Regierung gibt nach

Touristiker in Indonesien beenden Streik

Die indonesischen Inseln Flores und Komodo liegen in der Provinz Nusa Tenggara Timur, östlich von Bali und Lombok.
Diamir Reisen
Die indonesischen Inseln Flores und Komodo liegen in der Provinz Nusa Tenggara Timur, östlich von Bali und Lombok.

Eine Gebühren-Erhöhung für den Komodo-Nationalpark führte in Indonesien zu einem Generalstreik der Touristiker. Doch die Regierung machte eine sofortige Kehrtwende.

Am 1. August riefen Hotels, Tourenanbieter und Verkehrsunternehmen in Labuan Bajo zu einem Generalstreik auf.
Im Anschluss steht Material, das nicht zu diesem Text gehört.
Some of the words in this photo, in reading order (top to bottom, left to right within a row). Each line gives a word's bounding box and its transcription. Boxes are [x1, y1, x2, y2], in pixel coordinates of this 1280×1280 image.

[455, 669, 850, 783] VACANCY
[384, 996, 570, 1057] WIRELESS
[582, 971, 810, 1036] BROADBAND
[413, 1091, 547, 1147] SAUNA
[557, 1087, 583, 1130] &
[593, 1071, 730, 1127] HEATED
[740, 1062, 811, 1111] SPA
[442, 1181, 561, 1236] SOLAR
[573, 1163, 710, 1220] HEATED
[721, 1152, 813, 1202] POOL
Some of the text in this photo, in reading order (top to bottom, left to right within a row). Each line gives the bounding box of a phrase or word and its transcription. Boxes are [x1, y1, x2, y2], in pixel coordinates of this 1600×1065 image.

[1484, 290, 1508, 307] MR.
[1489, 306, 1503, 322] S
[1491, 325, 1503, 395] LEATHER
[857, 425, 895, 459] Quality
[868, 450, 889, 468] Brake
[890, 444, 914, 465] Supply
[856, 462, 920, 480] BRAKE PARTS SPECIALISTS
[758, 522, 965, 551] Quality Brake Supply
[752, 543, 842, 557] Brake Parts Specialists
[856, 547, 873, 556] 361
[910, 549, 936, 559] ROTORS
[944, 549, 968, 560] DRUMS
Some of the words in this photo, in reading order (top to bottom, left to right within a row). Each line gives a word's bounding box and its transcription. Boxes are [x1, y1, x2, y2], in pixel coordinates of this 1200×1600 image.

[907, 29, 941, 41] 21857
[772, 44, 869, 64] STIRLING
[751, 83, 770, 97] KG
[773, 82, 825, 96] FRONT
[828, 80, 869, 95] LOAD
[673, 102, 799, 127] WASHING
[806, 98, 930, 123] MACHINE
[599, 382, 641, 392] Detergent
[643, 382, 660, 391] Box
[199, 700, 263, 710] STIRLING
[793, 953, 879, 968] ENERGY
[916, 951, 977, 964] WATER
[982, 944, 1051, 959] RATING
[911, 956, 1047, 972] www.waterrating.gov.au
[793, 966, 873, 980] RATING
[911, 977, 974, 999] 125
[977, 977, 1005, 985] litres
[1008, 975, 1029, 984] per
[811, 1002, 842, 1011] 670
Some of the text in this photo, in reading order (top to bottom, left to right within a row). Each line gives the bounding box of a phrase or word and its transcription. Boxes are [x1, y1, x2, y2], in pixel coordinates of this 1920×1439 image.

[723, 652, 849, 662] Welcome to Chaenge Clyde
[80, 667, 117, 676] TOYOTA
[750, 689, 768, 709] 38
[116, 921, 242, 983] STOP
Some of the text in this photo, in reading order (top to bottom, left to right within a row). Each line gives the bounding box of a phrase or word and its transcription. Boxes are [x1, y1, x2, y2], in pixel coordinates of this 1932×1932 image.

Ausschlaggebend war ein Regierungsbeschluss, wonach die Gebühr für den Komodo-Nationalpark mit sofortiger Wirkung um 250 US-Dollar erhöht werden sollten. Doch es kam noch schlimmer. Über Nacht stieg die Gebühr für den Zugang zu zwei der Hauptinseln des Komodo-Nationalparks um das 18-fache, von 19 auf 364 Dollar.

Nach Rücksprache mit den örtlichen Kontakten hatten die Dresdner Reiseexperten von Diamir bereits ein komplettes Alternativprogramm für die Reisegäste entworfen. Doch am 2. August erfolgte der politische Kehrtwende. Die indonesische Regierung teilte mit, dass die Entscheidung über die Gebührenerhöhung bis zum Ende des Jahres ausgesetzt werde. Der Streik wurde nach dieser Entscheidung beendet.

"Wir geben zu, dass wir es versäumt haben, die Informationen [über die Preiserhöhung] richtig zu verbreiten", zitiert "ABC News" den Gouverneur von Ost-Nusa Tenggara, Viktor Laiskodat.

Diamir bietet seit gut 15 Jahren Reisen nach Indonesien an. Neben den Komodowaranen stehen dabei vor allem auch Orang-Utans und die Vulkane des Landes im Fokus.